[YOUR GOAL] When a record contains an image, skip the image and retype the rest of that record exactly.

▽

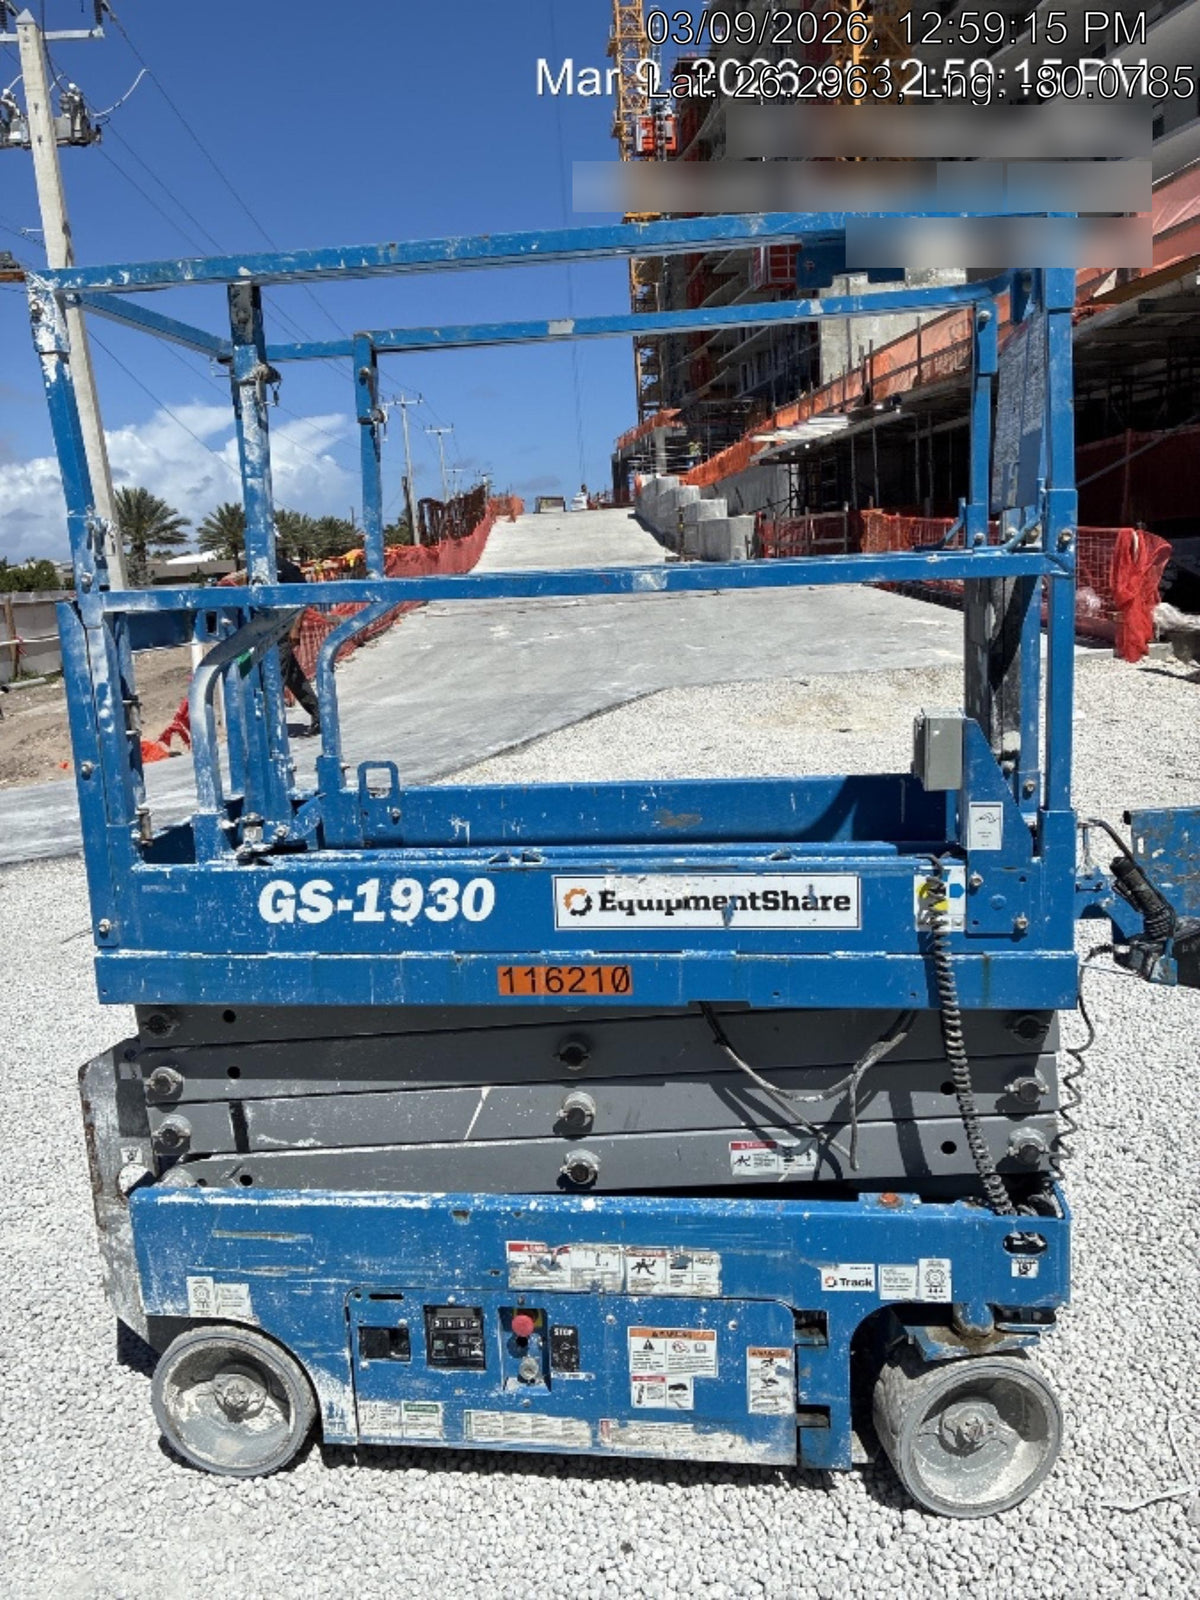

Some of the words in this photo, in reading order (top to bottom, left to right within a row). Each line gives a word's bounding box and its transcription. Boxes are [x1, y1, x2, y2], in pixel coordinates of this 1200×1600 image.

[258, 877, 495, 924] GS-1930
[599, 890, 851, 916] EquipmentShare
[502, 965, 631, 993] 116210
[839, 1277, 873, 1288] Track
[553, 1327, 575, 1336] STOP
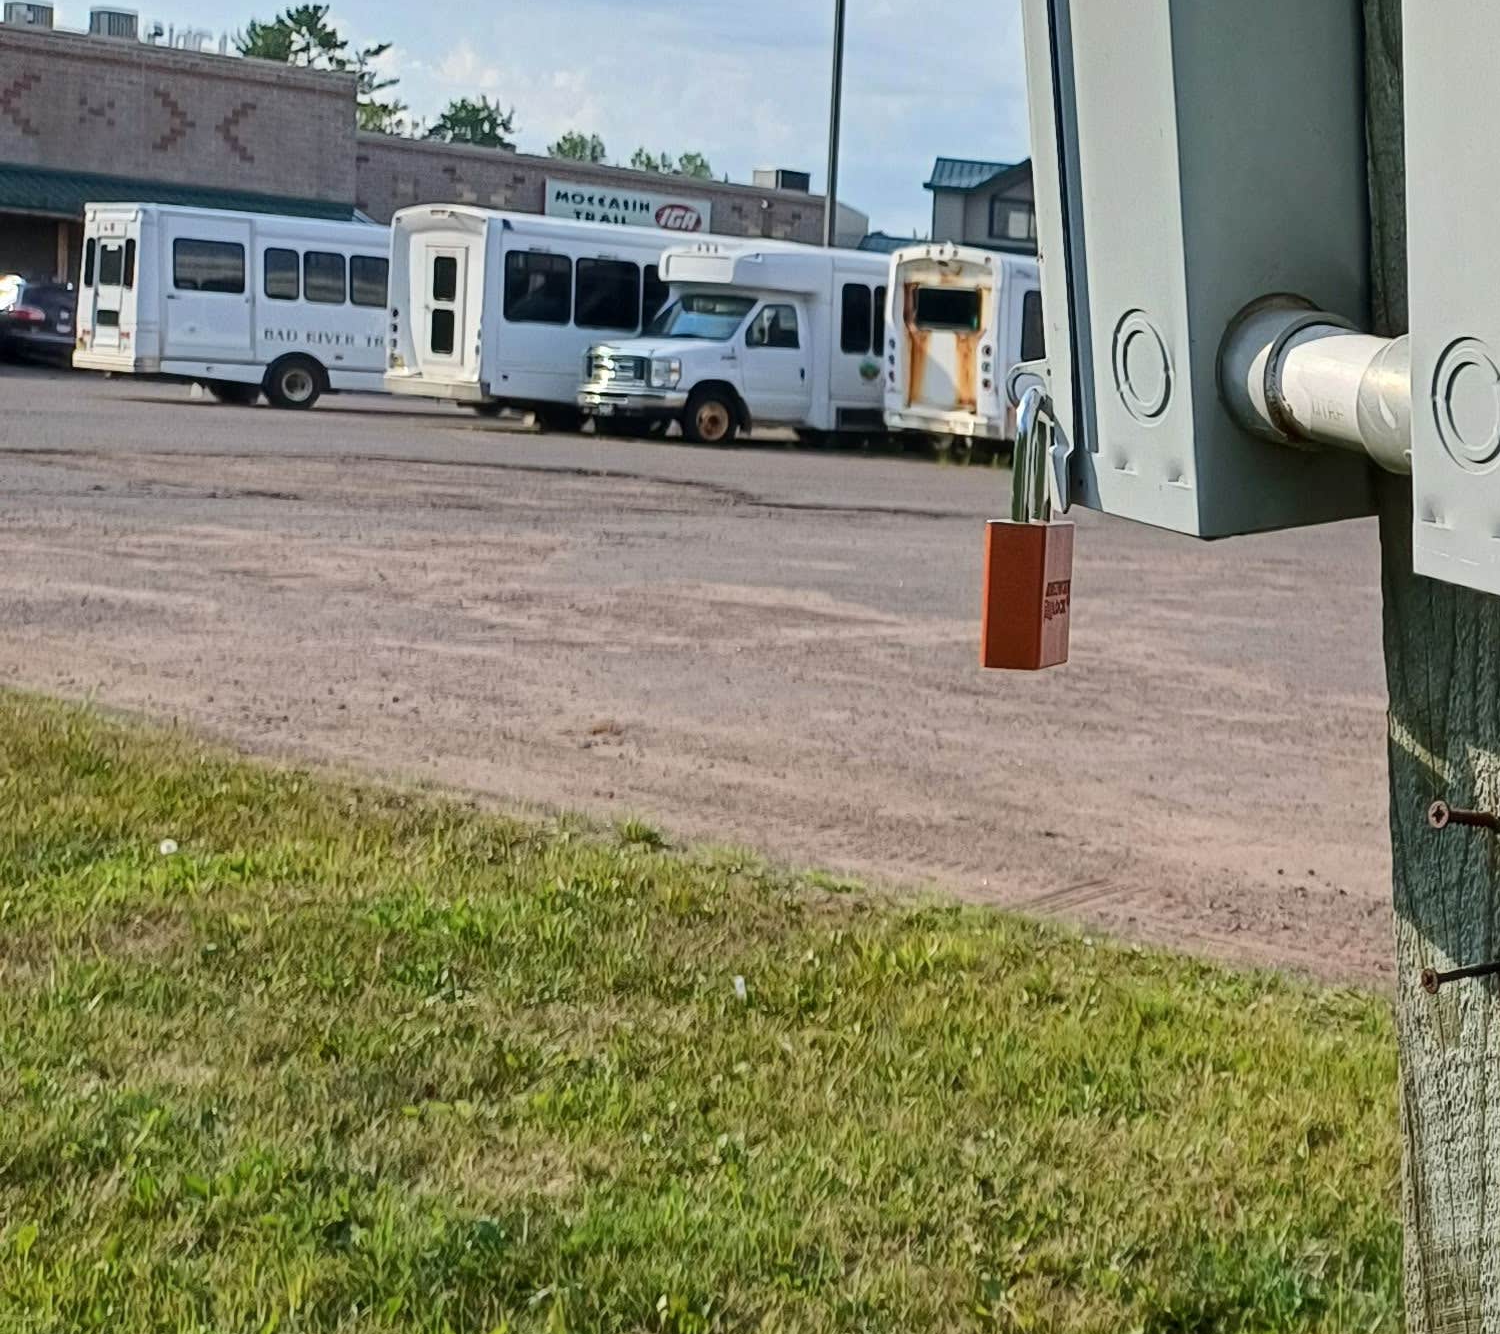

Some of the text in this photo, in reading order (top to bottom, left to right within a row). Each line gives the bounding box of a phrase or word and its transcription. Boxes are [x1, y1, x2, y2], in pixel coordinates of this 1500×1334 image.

△

[ANSWER SECTION]
Some of the words in this photo, in reading order (top to bottom, left to right within a row). Each line gives a word's bounding box and its transcription. Boxes are [x1, y1, x2, y2], in pixel coordinates of this 1200×1600 image.

[258, 877, 495, 924] GS-1930
[599, 890, 851, 916] EquipmentShare
[502, 965, 631, 993] 116210
[839, 1277, 873, 1288] Track
[553, 1327, 575, 1336] STOP

Some of the text in this photo, in reading order (top to bottom, left to right within a row). Each line gives the bounding box of a phrase or word and its transcription. Boxes are [x1, y1, x2, y2], in pixel coordinates of this 1500×1334 image.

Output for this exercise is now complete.